I want you to watch this: oral sex versus penetration. I think it is very interesting. From both conversations with friends, colleagues and wider talks, I do think that for every woman who does prefer penetration (and again, this is fluid, we all want different things at different times) often women say they prefer it, because we are led to believe that is what genuine sex is. And that everything else is secondary, an add on, an additional extra.
Azealia Bank’s singing 212, and mentioning cunninglus, seemed to be a big deal, with lyrics “I guess that c*nt getting’ eaten”.

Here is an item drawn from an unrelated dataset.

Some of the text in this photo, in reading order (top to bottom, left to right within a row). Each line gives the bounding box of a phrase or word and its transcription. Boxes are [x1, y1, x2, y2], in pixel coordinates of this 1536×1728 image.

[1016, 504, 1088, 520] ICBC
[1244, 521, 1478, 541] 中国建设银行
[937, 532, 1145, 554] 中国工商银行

Kate Smith commenting on The F Word blog says:
“So many will admit in private, to their friends, that they prefer the fingering, fondling, caressing, stroking and cunnilingus that they are supposed to see as ‘foreplay’ to the ‘main event’.Yet still penetrative sex is viewed as ‘full’ sex, ‘real’ sex, ‘proper’ sex. I’m not saying that this can’t be an enjoyable and fulfilling part of sex, but it’s high time that more women become open about the fact that a penis thrusting inside a vagina is an act that is often more culturally symbolic than it is physically pleasurable”.
“Look at the amount of women opting for designer vagina surgery, whilst the Great Wall of Vagina remains shocking and controversial. We are taught our vaginas need to be disinfected with a helpful and ever-increasing range of ‘feminine hygiene’ products. In 2014 sanitary towels for adult women are being sold with a free tin. Why? They conceal your menstruation products and ideally your menstruation too. I had once of these tins when I was 11 years old. They still exist. Women actually use them. Because our monthly bleed is so shocking and vile. A penis T shirt? Funny. A vagina purse? Repulsive”.
We are increasingly disengaged and disjointed form our own bodies as women. We are told they smell, are ugly, too fat, too old, are too much. We can buy an array of products to make our vaginas more acceptable, more hygienic. Interesting the male version of Fem Fresh isn’t available.
Yet our ever-increasing visual society means our bodies are used against us.
A world where mannequins are banned for ‘inciting’ rape. I gave a paper at Youth Sexualities, Durham University ‘Slut-shaming and the anxiety of excess’. How can any women, but specifically young women, be confident in themselves and play with their discovering of their own sexuality is they are labelled aggressive, vulgar, excessive, dirty, slutty? Even Glee joined in, disciplining ‘slutty’ Rachel Berry.
Professor Danielle Egan argues: “…it soon becomes clear that within the popular literature the sexualized girl is a monster- the end point of defiled middle-class heterosexual femininity… a legacy of deeply problematic assumptions regarding race, class, gender and sexuality inform this construction” (2013, p.8).
As women we are encouraged to constantly regulate our own bodies, to shrink, to regulate the bodies of other women too. The beauty myth that saturates our culture and leads us to a MAC covered gilded cage. As more women engage with feminism, and more spheres open up via social networking, as we are put back in our place just as quickly.
If our films, magazines, music, sex education, medicine frame sex as one certain act, is it any wonder that women are scared to speak out if their preferences differ? We need a much broader and more complex understanding of what sex is, and its fluidity.